*Work to be completed*
Output the entries below exactly as written, omitting pictures.

━━━━━ Excerpted records

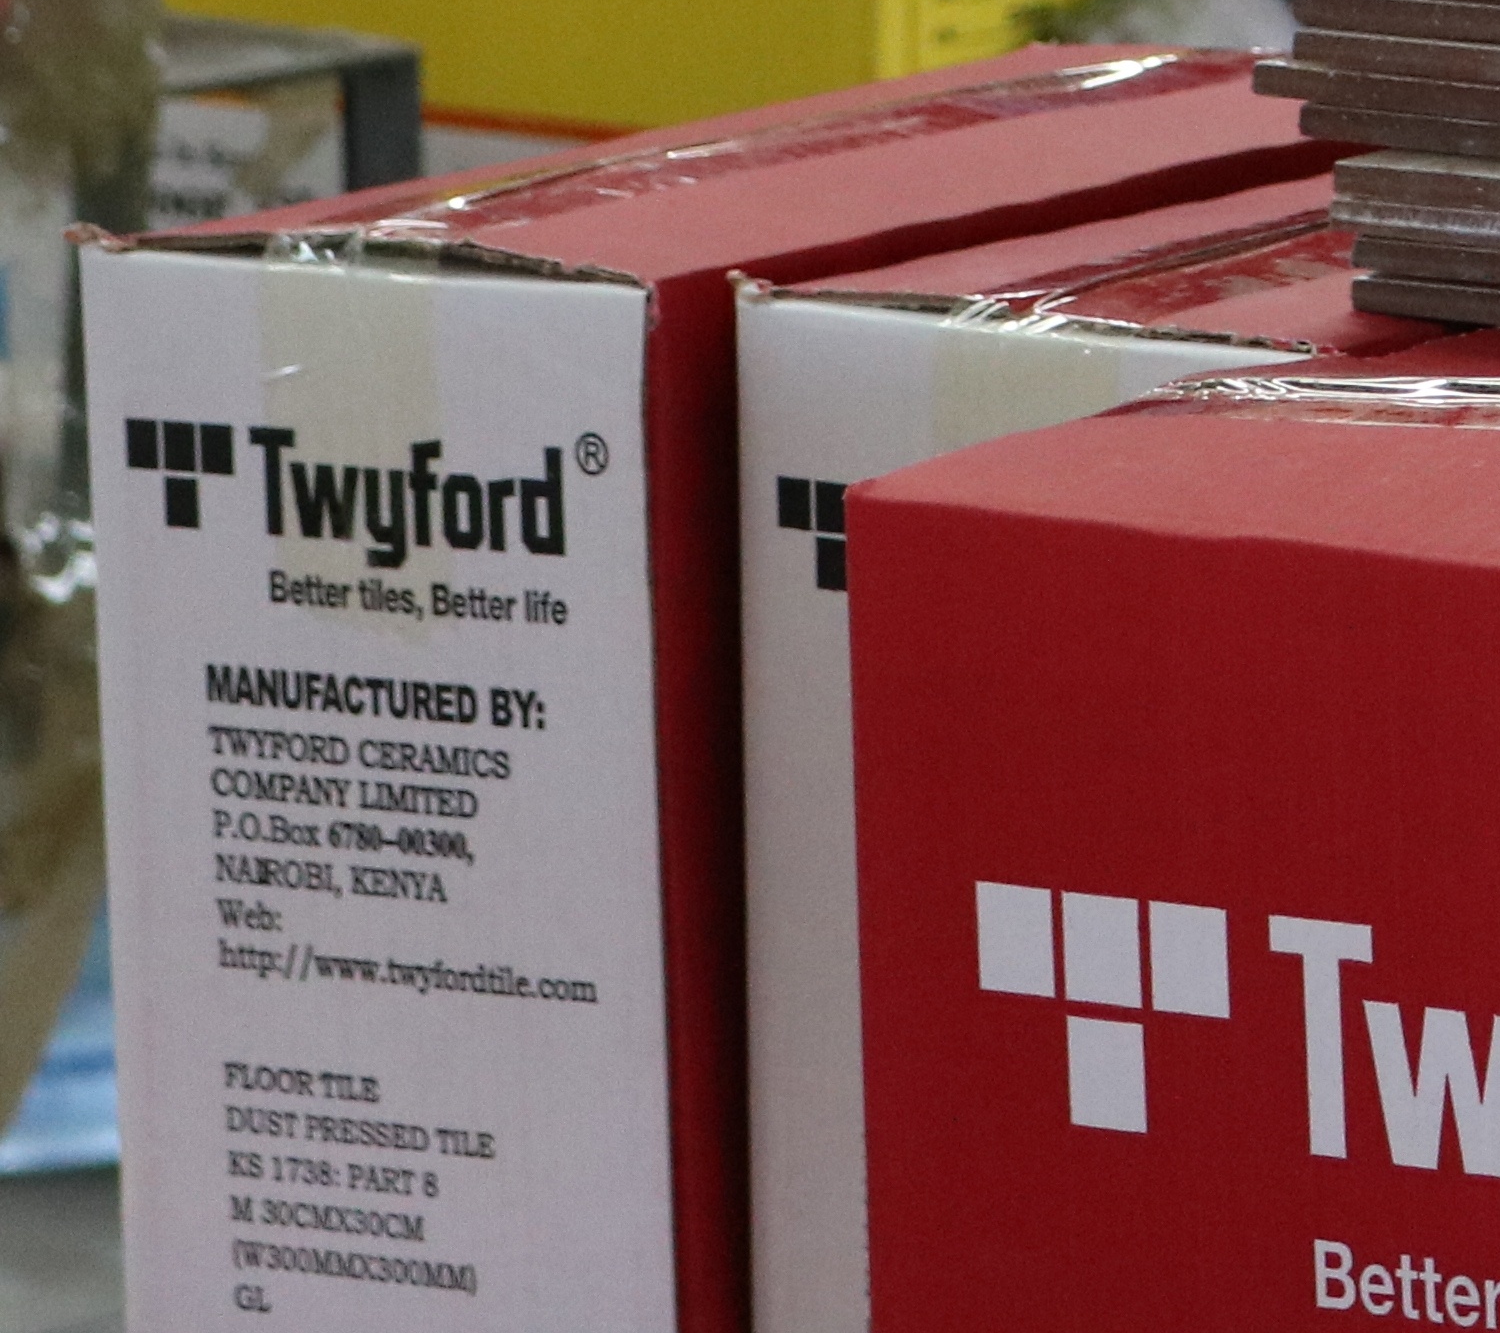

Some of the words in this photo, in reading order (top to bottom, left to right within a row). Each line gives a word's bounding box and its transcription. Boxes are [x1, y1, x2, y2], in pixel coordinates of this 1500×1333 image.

[268, 569, 352, 608] Better
[358, 578, 425, 621] tiles,
[432, 582, 517, 623] Better
[524, 589, 570, 625] life
[206, 663, 478, 725] MANUFACTURED
[490, 688, 546, 730] BY:
[208, 725, 349, 766] TWYFORD
[358, 739, 511, 780] CERAMICS
[210, 767, 350, 809] COMPANY
[358, 781, 479, 819] LIMITED
[215, 853, 344, 899] NAIROBI,
[349, 865, 448, 902] KENYA
[215, 898, 284, 932] Web:
[217, 937, 598, 1004] http://www.twyfordtile.com
[224, 1062, 315, 1096] FLOOR
[319, 1071, 380, 1103] TILE
[226, 1104, 297, 1138] DUST
[305, 1114, 431, 1153] PRESSED
[437, 1128, 497, 1160] TILE
[227, 1149, 264, 1179] KS
[348, 1163, 416, 1196] PART
[229, 1195, 255, 1223] M
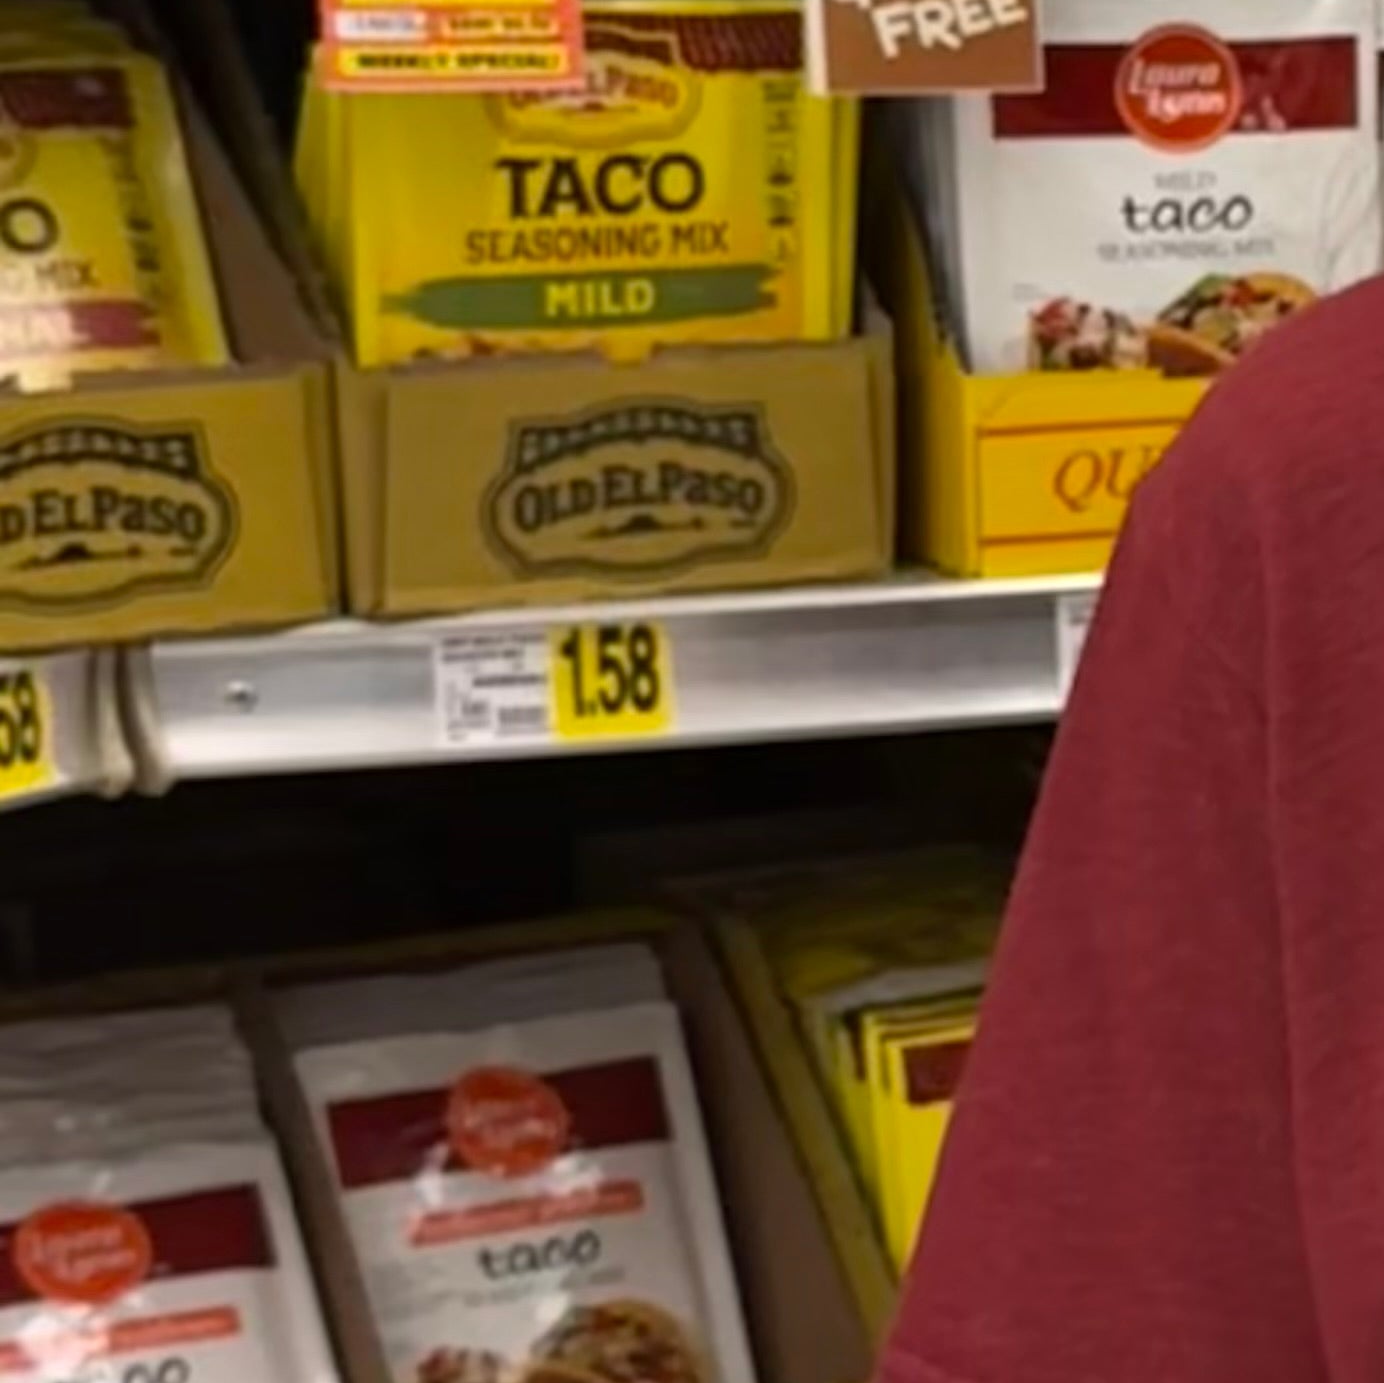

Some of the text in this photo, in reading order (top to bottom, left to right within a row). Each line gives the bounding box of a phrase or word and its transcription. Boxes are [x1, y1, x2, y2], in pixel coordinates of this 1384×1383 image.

━━━━━━━━━━

*Answer box*
Some of the words in this photo, in reading order (top to bottom, left to right within a row). Each line gives a word's bounding box and its transcription. Boxes are [x1, y1, x2, y2], in pixel coordinates of this 1500×1333 image.

[268, 569, 352, 608] Better
[358, 578, 425, 621] tiles,
[432, 582, 517, 623] Better
[524, 589, 570, 625] life
[206, 663, 478, 725] MANUFACTURED
[490, 688, 546, 730] BY:
[208, 725, 349, 766] TWYFORD
[358, 739, 511, 780] CERAMICS
[210, 767, 350, 809] COMPANY
[358, 781, 479, 819] LIMITED
[215, 853, 344, 899] NAIROBI,
[349, 865, 448, 902] KENYA
[215, 898, 284, 932] Web:
[217, 937, 598, 1004] http://www.twyfordtile.com
[224, 1062, 315, 1096] FLOOR
[319, 1071, 380, 1103] TILE
[226, 1104, 297, 1138] DUST
[305, 1114, 431, 1153] PRESSED
[437, 1128, 497, 1160] TILE
[227, 1149, 264, 1179] KS
[348, 1163, 416, 1196] PART
[229, 1195, 255, 1223] M

Some of the text in this photo, in reading order (top to bottom, left to right within a row). Each line gives the bounding box of a phrase or word and its transcription. Boxes are [x1, y1, x2, y2], in pixel coordinates of this 1384×1383 image.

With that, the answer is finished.